* Assignment *
Copy out each line containing "TOPPINGS" from the entries below.

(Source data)
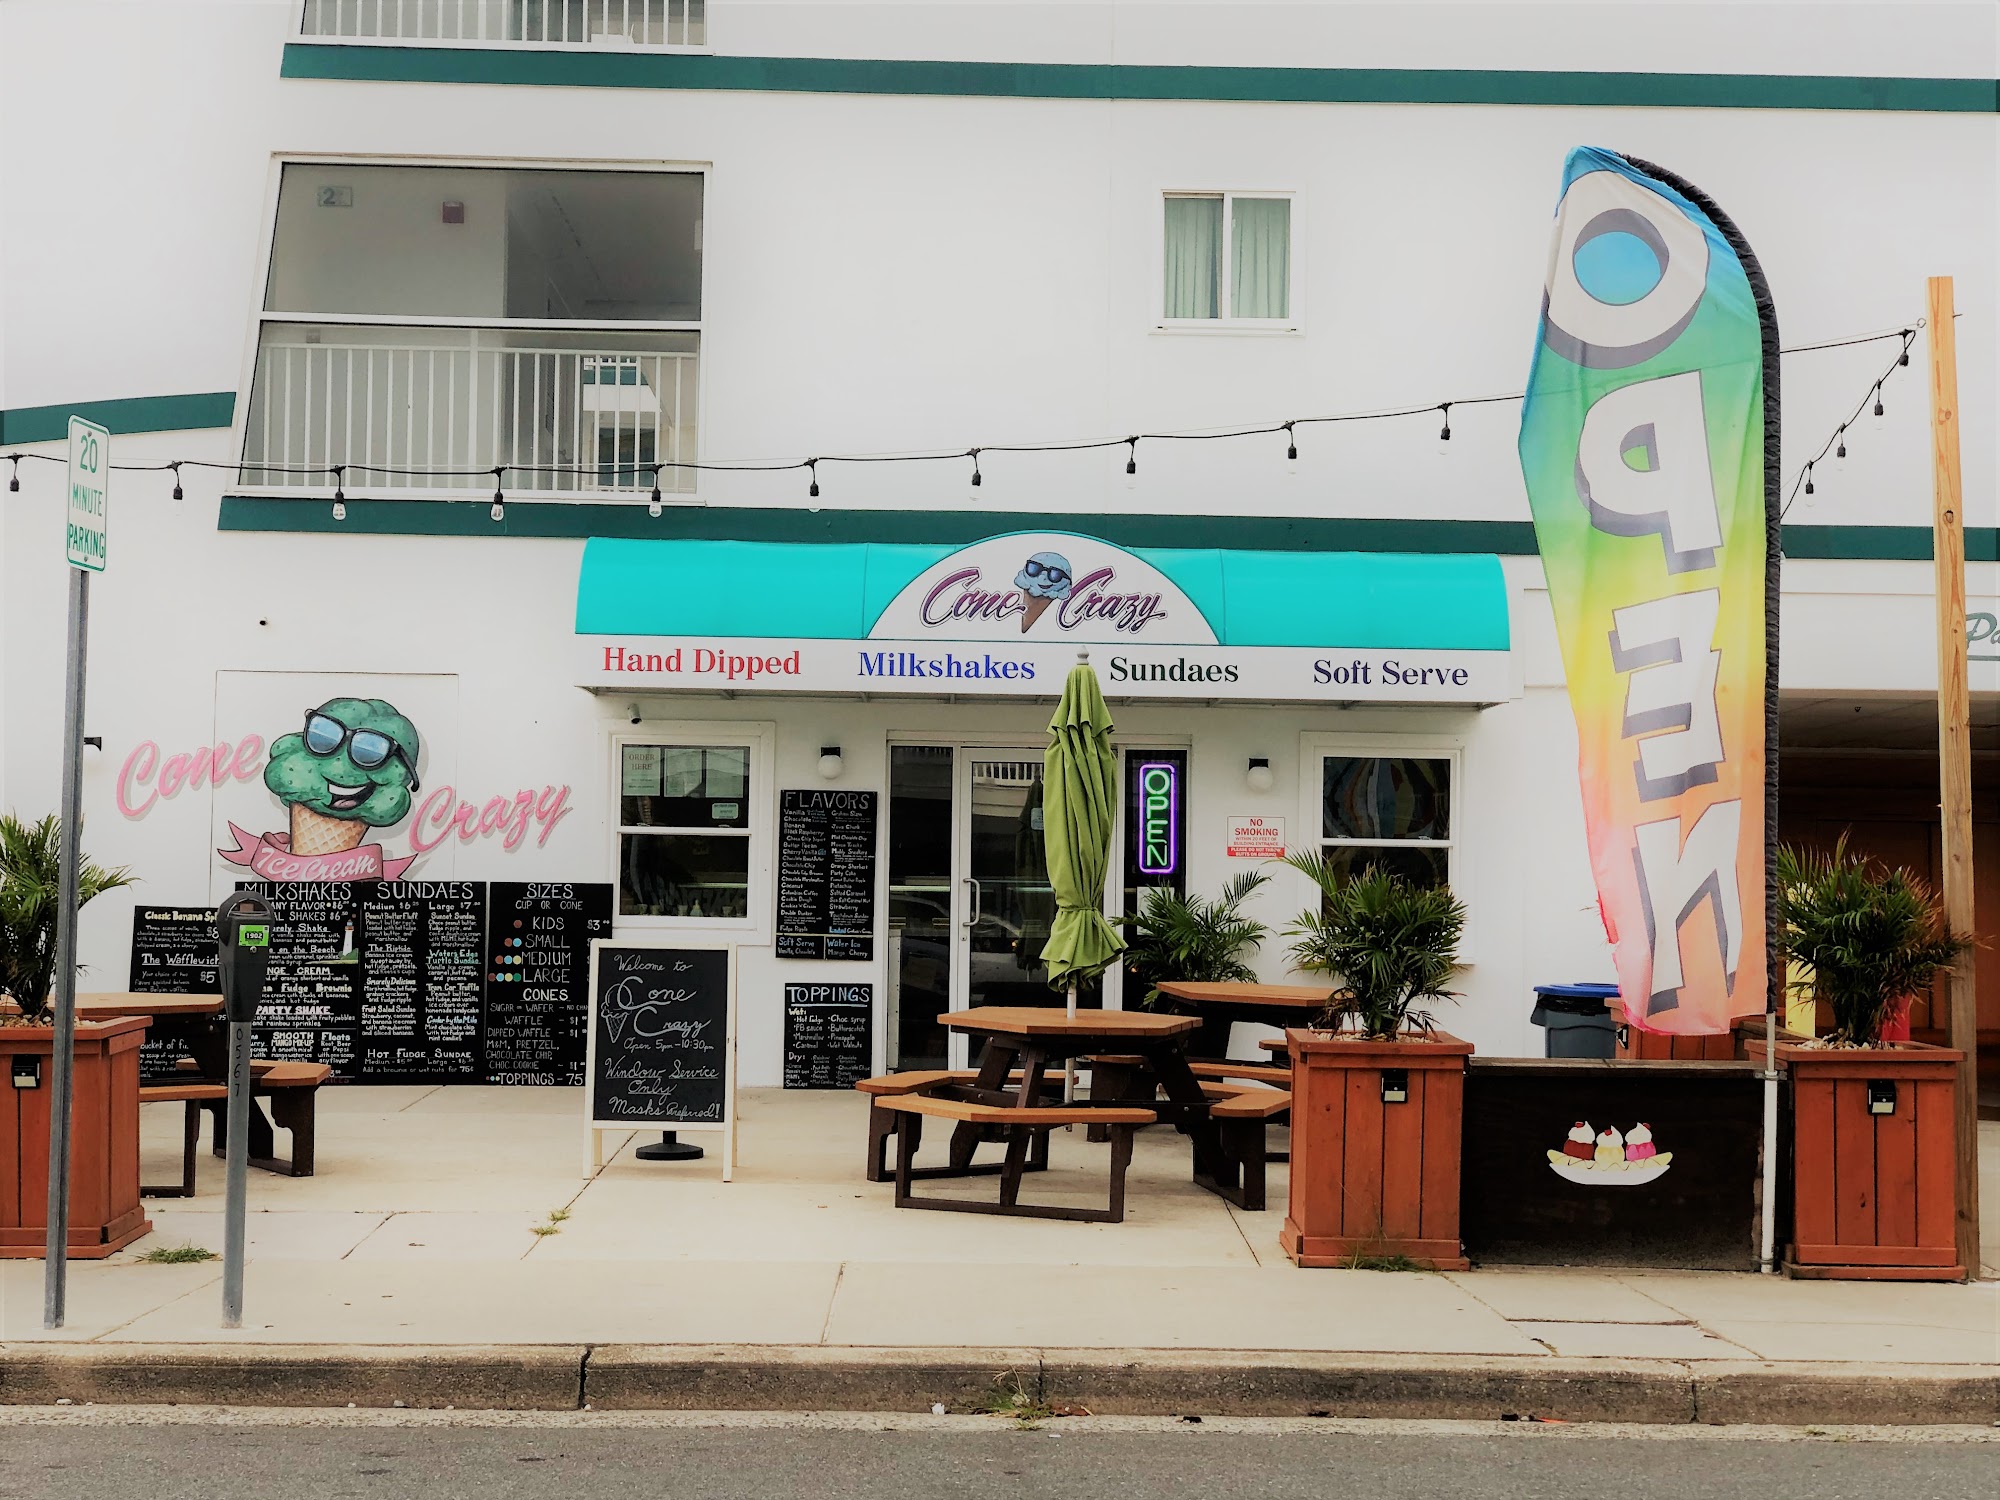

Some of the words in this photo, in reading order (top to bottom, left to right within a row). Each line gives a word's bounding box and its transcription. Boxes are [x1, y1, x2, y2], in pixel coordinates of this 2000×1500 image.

[80, 435, 98, 473] 20
[73, 483, 103, 517] MINUTE
[69, 523, 105, 559] PARKING
[920, 567, 1027, 628] Cone
[1057, 567, 1167, 633] Crazy
[602, 646, 682, 673] Hand
[692, 649, 801, 680] Dipped
[858, 651, 1035, 680] Milkshakes
[1110, 656, 1239, 682] Sundaes
[1313, 659, 1371, 685] Soft
[1382, 660, 1469, 686] Serve
[116, 733, 264, 818] Cone
[408, 785, 572, 853] Crazy
[785, 792, 869, 809] FLAVORS
[1144, 769, 1170, 866] OPEN
[1250, 818, 1263, 826] NO
[1234, 828, 1278, 836] SMOKING
[258, 847, 299, 879] Ice
[304, 855, 378, 881] Cream
[244, 882, 352, 900] MILKSHAKES
[377, 882, 474, 899] SUNDAES
[526, 882, 574, 899] SIZES
[290, 902, 325, 910] FLAVOR
[364, 902, 394, 910] Medium
[429, 902, 455, 912] Large
[515, 900, 532, 910] CUP
[540, 901, 551, 910] OR
[560, 901, 583, 910] CONE
[829, 903, 859, 911] Strawberry
[144, 911, 171, 920] Classic
[172, 910, 203, 921] Banana
[204, 911, 218, 923] Spl
[289, 911, 328, 921] SHAKES
[454, 912, 475, 920] Sundae
[297, 923, 328, 932] Shake
[532, 916, 565, 931] KIDS
[525, 933, 570, 948] SMALL
[779, 937, 794, 946] Soft
[796, 938, 815, 947] Serve
[827, 938, 848, 947] Water
[851, 939, 861, 948] Ice
[311, 945, 335, 953] Beach
[368, 944, 383, 952] The
[460, 949, 478, 958] Edge
[849, 949, 868, 958] Cherry
[141, 953, 160, 964] The
[426, 956, 452, 964] Turtle
[521, 951, 571, 965] MEDIUM
[614, 953, 665, 972] Welcome
[673, 960, 693, 972] to
[200, 971, 216, 983] $5
[523, 968, 570, 983] LARGE
[281, 983, 308, 994] Fudge
[315, 983, 352, 992] Brownie
[426, 983, 442, 991] Tram
[444, 983, 456, 991] Car
[523, 988, 569, 1001] CONES
[617, 976, 697, 1010] Cone
[786, 986, 870, 1002] TOPPINGS
[255, 1005, 292, 1014] PARTY
[294, 1005, 331, 1014] SHAKE
[378, 1005, 395, 1013] Salad
[490, 1003, 515, 1012] SUGAR
[525, 1004, 554, 1012] WAFER
[504, 1016, 543, 1025] WAFFLE
[634, 1006, 712, 1038] Crazy
[830, 1014, 848, 1022] Choc
[273, 1032, 314, 1040] SMOOTH
[321, 1032, 351, 1040] Floats
[488, 1028, 515, 1037] DIPPED
[517, 1028, 551, 1037] WAFFLE
[623, 1037, 651, 1050] Open
[486, 1050, 532, 1059] CHOCOLATE
[513, 1061, 539, 1069] COOKIE
[605, 1055, 666, 1078] Window
[669, 1059, 719, 1078] Service
[498, 1073, 555, 1085] TOPPINGS
[628, 1078, 677, 1105] Only
[608, 1096, 665, 1114] Masks

* Result of this exercise *
[786, 986, 870, 1002] TOPPINGS
[498, 1073, 555, 1085] TOPPINGS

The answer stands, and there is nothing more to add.